RECORDS SUPPLIED Block Start

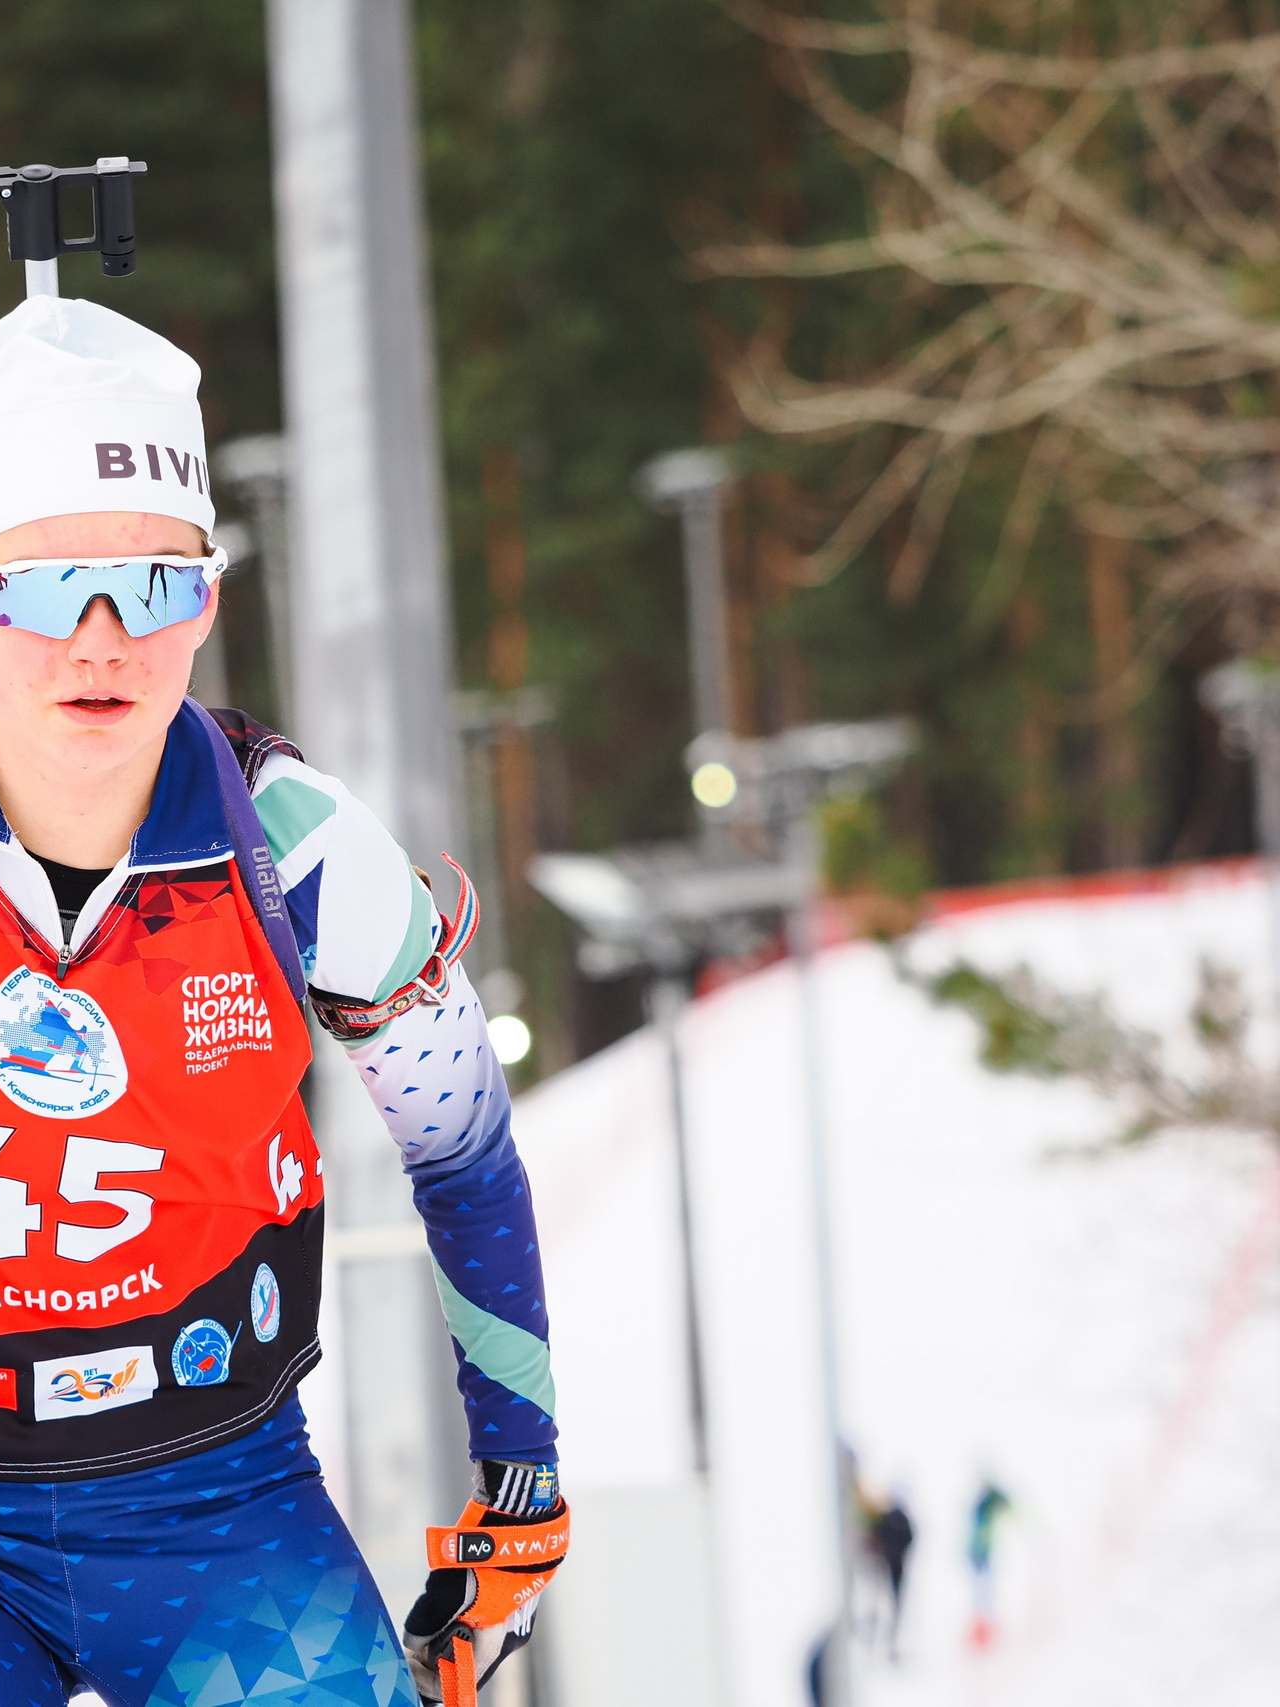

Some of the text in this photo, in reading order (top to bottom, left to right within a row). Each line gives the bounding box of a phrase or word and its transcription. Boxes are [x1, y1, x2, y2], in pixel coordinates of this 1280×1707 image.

[95, 443, 211, 498] BIVI
[183, 995, 269, 1023] НОРМА
[184, 1016, 272, 1047] ЖИЗНИ
[184, 1040, 272, 1061] ФЕДЕРАЛЬНЫЙ
[186, 1056, 229, 1075] ПРОЕКТ
[7, 1080, 74, 1112] Красноярск
[80, 1088, 110, 1110] 2023
[83, 1367, 98, 1376] ЛЕТ
[448, 1538, 456, 1558] LEFT
[468, 1540, 491, 1556] O/W
[513, 1576, 545, 1604] AVWC

RECORDS SUPPLIED Block End

**AIM OF THE TASK**
Leaving out only the pictures, retype every record exactly.

**REPLY TO THE TASK**
Some of the text in this photo, in reading order (top to bottom, left to right within a row). Each line gives the bounding box of a phrase or word and its transcription. Boxes are [x1, y1, x2, y2], in pixel coordinates of this 1280×1707 image.

[95, 443, 211, 498] BIVI
[183, 995, 269, 1023] НОРМА
[184, 1016, 272, 1047] ЖИЗНИ
[184, 1040, 272, 1061] ФЕДЕРАЛЬНЫЙ
[186, 1056, 229, 1075] ПРОЕКТ
[7, 1080, 74, 1112] Красноярск
[80, 1088, 110, 1110] 2023
[83, 1367, 98, 1376] ЛЕТ
[448, 1538, 456, 1558] LEFT
[468, 1540, 491, 1556] O/W
[513, 1576, 545, 1604] AVWC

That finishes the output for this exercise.